Clinical and pathological manifestations of patients with Wegener's granulomatosis

ZHAO Ming-Hui, LIU Na， ZHANG You-Kang, ZOU Wan-Zhong, LIU Yu-Chun, Jiang Yun, et al

(Department of Nephrology, the First Hospital, Beijing Medical University, Beijing100034)

ABSTRACTObjective: To analyze the clinical and pathological manifestations of patients with Wegener's granulomatosis.Methods: Clinical and pathological data were collected from six patients with pathologically confirmed Wegener's granulomatosis and were further analyzed.
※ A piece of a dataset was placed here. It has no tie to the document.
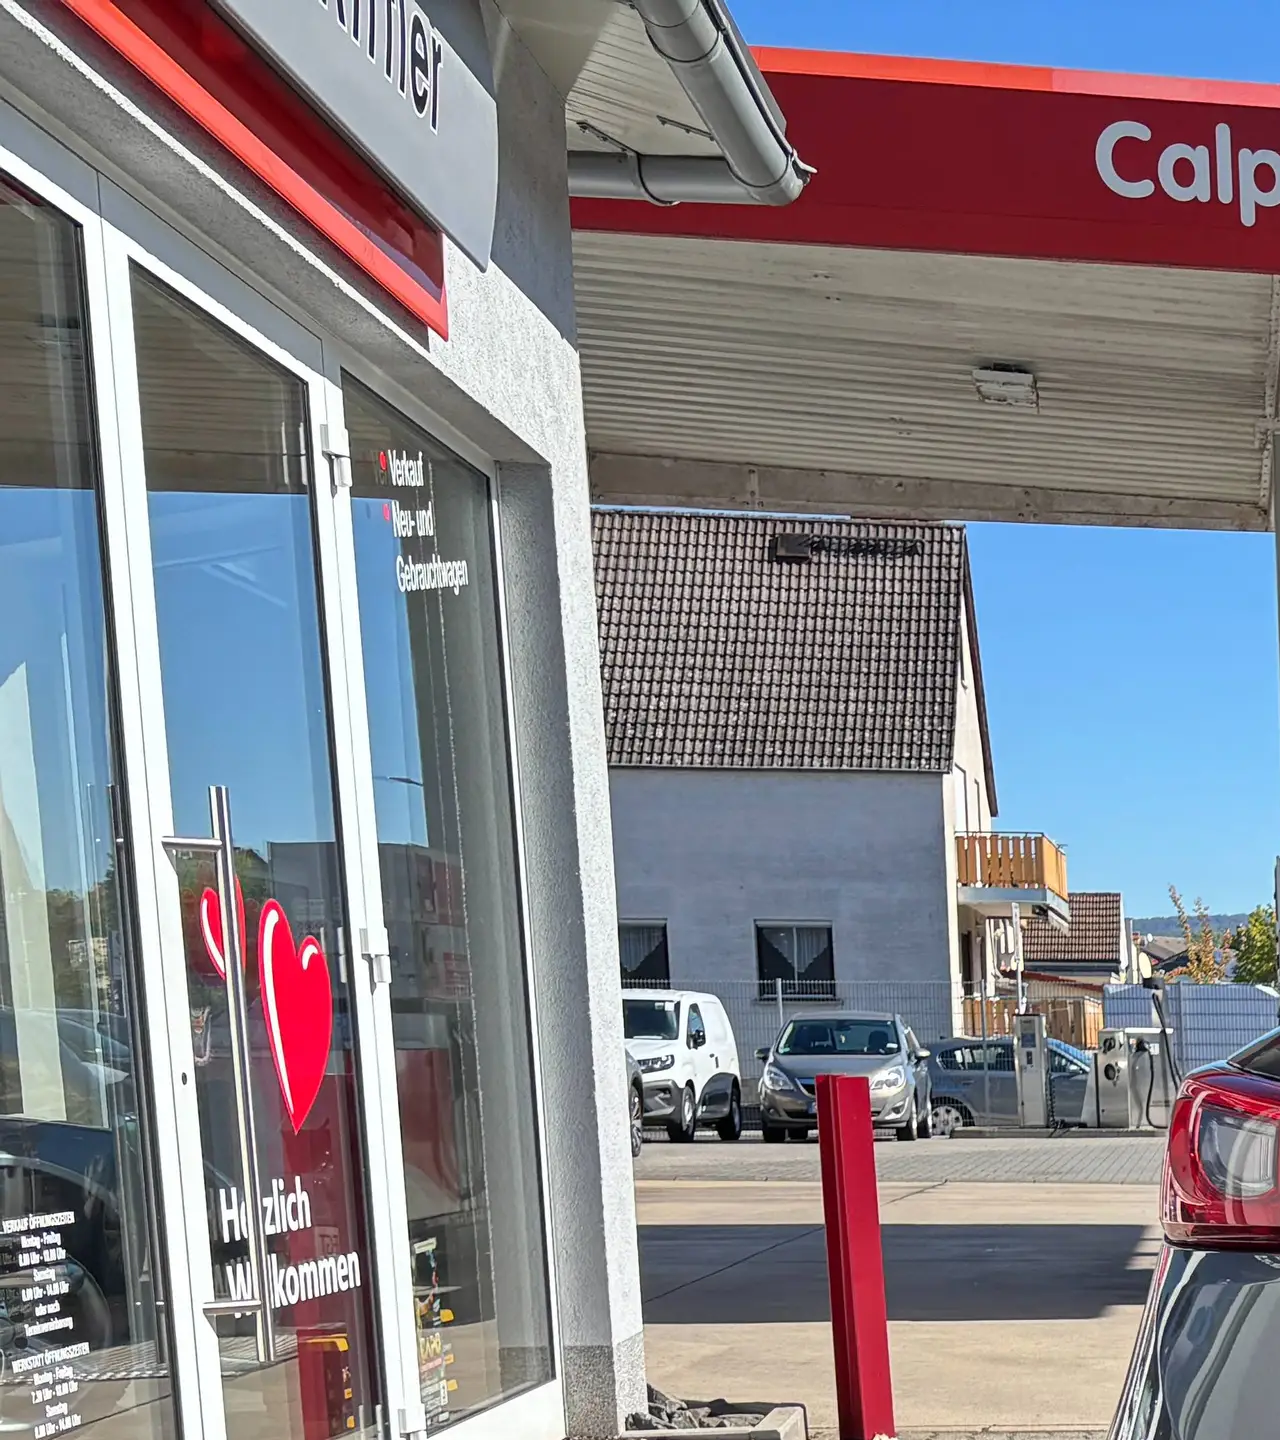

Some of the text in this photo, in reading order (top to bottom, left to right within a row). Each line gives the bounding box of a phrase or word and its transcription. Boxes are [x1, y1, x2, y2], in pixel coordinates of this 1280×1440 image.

[388, 449, 424, 487] Verkauf
[392, 500, 434, 538] Neu- und
[396, 554, 469, 596] Gebrauchtwagen
Antineutrophil cytoplasmic autoantibodies (ANCA) were detected in all sera, and standard IIF (indirect immunofluorescence) method and antigen specific ELISA, using PR3 (proteinase 3) and MPO (myeloperoxidase) as solid phase ligands, were employed.Results: Of the six patients, four were female and two male with an average age of 56.8 (26－68) years old. Four patients were pANCA/MPO-ANCA positive and two cANCA/PR3-ANCA positive. All six patients were found to have vasculitic granuloma in their biopsy tissues. Four were from renal interstitium, one from lung nodule and one from nosal mucosa. Clinically, all patients had multi-system involvement, especially kidney and lungs. All patients had hematuria and proteinuria, and renal biopsies showed focal segmental necrotizing glomerulonephritis with crescents formation except for granulomatous vasculitis. Patients with lung involvement had cough and cough blood. Chest X-ray showed pulmonary shadows, nodules or cavities. Eye, ear, skin, joints, muscle and peripheral nerve systems were also frequently involved. In laboratory examinations, all patients had anemia with elevated ESR and CRP. WBC and platelet counts were increased. All six patients had fever and fatigue, four of whom had body weight loss. An early diagnosis and appropriate treatment suggested a better prognosis, otherwise, the patients could reach end stage renal failure progressively.Conclusion: Wegener's granulomatosis is an ANCA-related small vessel vasculitis. In this study, the target ANCA antigens were MPO and PR3. The patients were middle to old aged. They all had multi-system involvement clinically and granulomatous vasculitis in pathology. For patients with suspected small vessel vasculitis, an ANCA test should be performed in order to make an early diagnosis and treatment started in time.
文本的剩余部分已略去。